Authors: Mark Pelling

Tags: #Development Studies

BOOK: Adaptation to Climate Change: From Resilience to Transformation
10.53Mb size Format: txt, pdf, ePub
Institutional constraints

Taking or designing adaptive actions is facilitated or constrained by existing institutions, which have their own logic, history and transactions costs if being reformed or dismantled. Thus an important type of observed proactive adaptation was institutional modification: efforts to reduce conflict between adaptive possibilities and existing social realities, and so create enhanced opportunities for adaptive actions to arise as needed. The impetus for this can come from without or within the policy system, for example:

In a sense, we’re doing that [institutional modification] through our seminars, but we are also working in the Welsh Assembly and the Environment Agency, and everybody else. We’re trying to get the Welsh Assembly to lead on a Welsh climate change communications strategy. It’s not a priority for them, but we are trying to lobby for that.

Institutions affecting adaptive capacity and action were found to have a fluid quality. They were renegotiated as circumstances changed, as different individual and organisational actors became involved and as existing actors readjusted their internal priorities. For example:

It is set in their contract that they have to do a workshop and that it needs to have these outputs, but there is nothing in it that says you have to do it in this way. But if one of us were to say to someone, look we think you ought to do it this way, then they’re not going to say no.
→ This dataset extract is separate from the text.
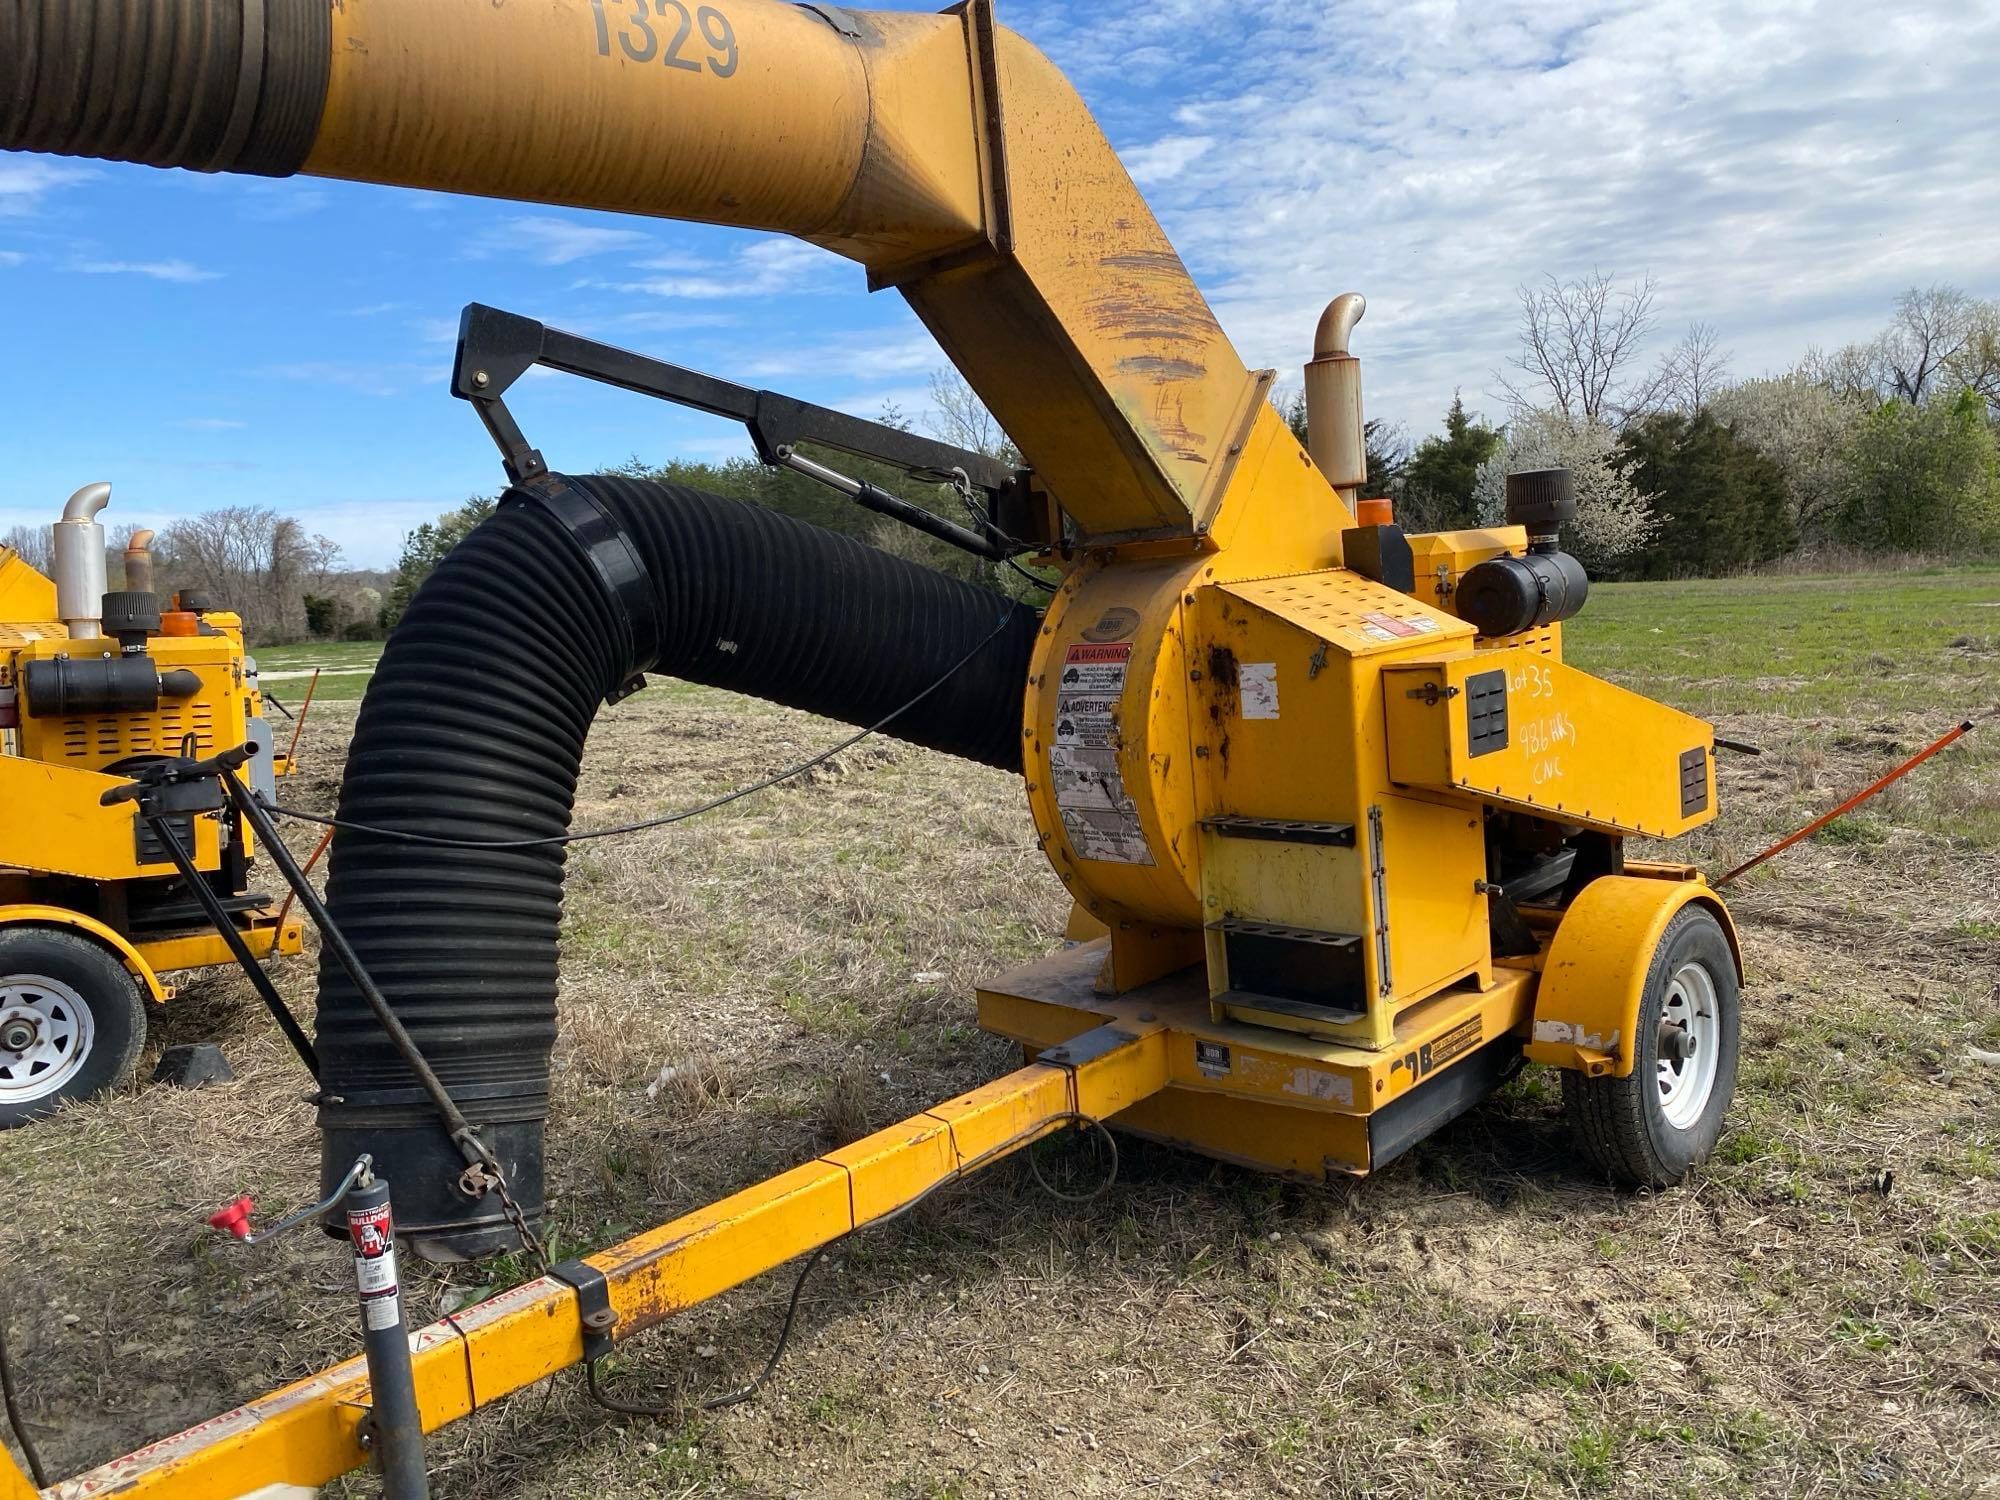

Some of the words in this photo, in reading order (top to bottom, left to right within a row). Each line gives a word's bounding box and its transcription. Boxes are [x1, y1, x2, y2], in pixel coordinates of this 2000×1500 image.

[591, 0, 738, 78] 1329
[1081, 647, 1129, 660] WARNING
[1529, 665, 1553, 698] 35
[351, 1211, 390, 1225] BULLDOG
They might come back and say that they’ve had a better idea.

Negotiation is an asset for facing the uncertainty induced by climate change. But this has financial and other costs. Considering how institutions do or might change necessitates an analysis of the power configurations that conserve or act against particular institutions. Power relations can be given expression in many different ways, but in an organisational context, the direction of resources is an important one. As the respondent notes, though, agent led external action is challenging:

Politics is difficult. I have certainly tried to foster close relations with DEFRA, DOE, DETR whatever it happens to be, but you are dealing with a culture that is fairly rigid there – they pay the bills, we do what they say.
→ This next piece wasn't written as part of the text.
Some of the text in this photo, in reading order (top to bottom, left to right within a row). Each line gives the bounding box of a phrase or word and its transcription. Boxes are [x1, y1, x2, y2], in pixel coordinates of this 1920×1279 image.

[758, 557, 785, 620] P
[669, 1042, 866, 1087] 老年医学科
Institutions can both constrain and enable adaptation. For individuals seeking to influence organisational behaviour and direction this revealed a tension between personal and/or professional agendas. This was particularly difficult when it felt as though institutions originated hierarchically, and the costs of renegotiation were exorbitant for the individual:

In the day job there is a day job. I have objectives to do. What I do outside of that is my affair so corporately the culture is quite thick – quite hierarchical, which is frustrating because if we are moving from managing simplicity in regulated resources through to managing complexity – environmental systems – one of the first tenets is devolution of decision making and yet we are going diametrically the opposite way so I find it frustrating intellectually certainly personally.
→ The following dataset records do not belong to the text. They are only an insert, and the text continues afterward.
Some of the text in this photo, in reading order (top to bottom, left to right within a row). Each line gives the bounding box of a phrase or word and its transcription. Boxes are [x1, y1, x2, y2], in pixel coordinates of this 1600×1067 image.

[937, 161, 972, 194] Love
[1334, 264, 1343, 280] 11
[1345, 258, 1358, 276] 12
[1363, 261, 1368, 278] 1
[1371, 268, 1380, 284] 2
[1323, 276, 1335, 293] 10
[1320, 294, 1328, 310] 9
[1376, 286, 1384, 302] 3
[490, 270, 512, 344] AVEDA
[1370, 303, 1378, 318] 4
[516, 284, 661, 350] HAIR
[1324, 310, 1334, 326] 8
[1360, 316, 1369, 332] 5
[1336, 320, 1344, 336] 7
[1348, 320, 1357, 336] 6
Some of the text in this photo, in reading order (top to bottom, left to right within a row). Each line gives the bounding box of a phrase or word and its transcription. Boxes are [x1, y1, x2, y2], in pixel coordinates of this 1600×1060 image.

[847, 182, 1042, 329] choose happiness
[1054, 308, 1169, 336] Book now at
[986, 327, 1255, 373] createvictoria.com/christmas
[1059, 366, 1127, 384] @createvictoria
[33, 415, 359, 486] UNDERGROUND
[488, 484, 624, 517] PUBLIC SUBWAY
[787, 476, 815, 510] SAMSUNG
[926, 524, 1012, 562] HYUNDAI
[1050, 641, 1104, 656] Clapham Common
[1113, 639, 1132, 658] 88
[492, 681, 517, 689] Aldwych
Social learning is central to adaptive capacity. It can be indicated by changes in capacity to act arising through experience – for example, through institutional modification creating an atmosphere where learning is promoted is part of the shaping of adaptive capacity – and can be the difference between important experiences being overlooked, forgotten or translated into enhanced capacity to deal with future climate-change-related uncertainty and threats:

There clearly has been a lot of learning: Enquiries etc., and people presenting information back to us. It’s had a big impact on how we organize ourselves. It’s created new areas of work and funding to tackle gaps…. The lessons are quite general and cross-cutting: How do you get bad news up the line quite quickly? How do you ramp up resources quickly? … That can now happen very quickly. Not only are there plans to show us how to do that, but we have practice simulations.

Opportunities for learning arise throughout organisational life, and can be fostered: ‘We have informal lunchtime sessions, and people ask questions about it. The questions will be more informal. People are sitting there eating lunch and asking questions. It’s informal in that respect.’

On the other hand, not all learning is positive. One respondent warned about uncritically accepting the lessons of past experience, without continuing to probe their relevance to new situations; a key lesson for climate change adaptation, but one that is difficult to institutionalise:

I think one issue that is quite difficult is learning from experience. One has to be very careful that the experience you had is relevant to the problem that you now have. We often come up against the situation where people who’ve had long experience say ‘Oh yeah, we tried that, and it didn’t work. That’s it.’ It cuts off the options and one has to very careful that one is saying that was the experience, but was the context and the problem the same?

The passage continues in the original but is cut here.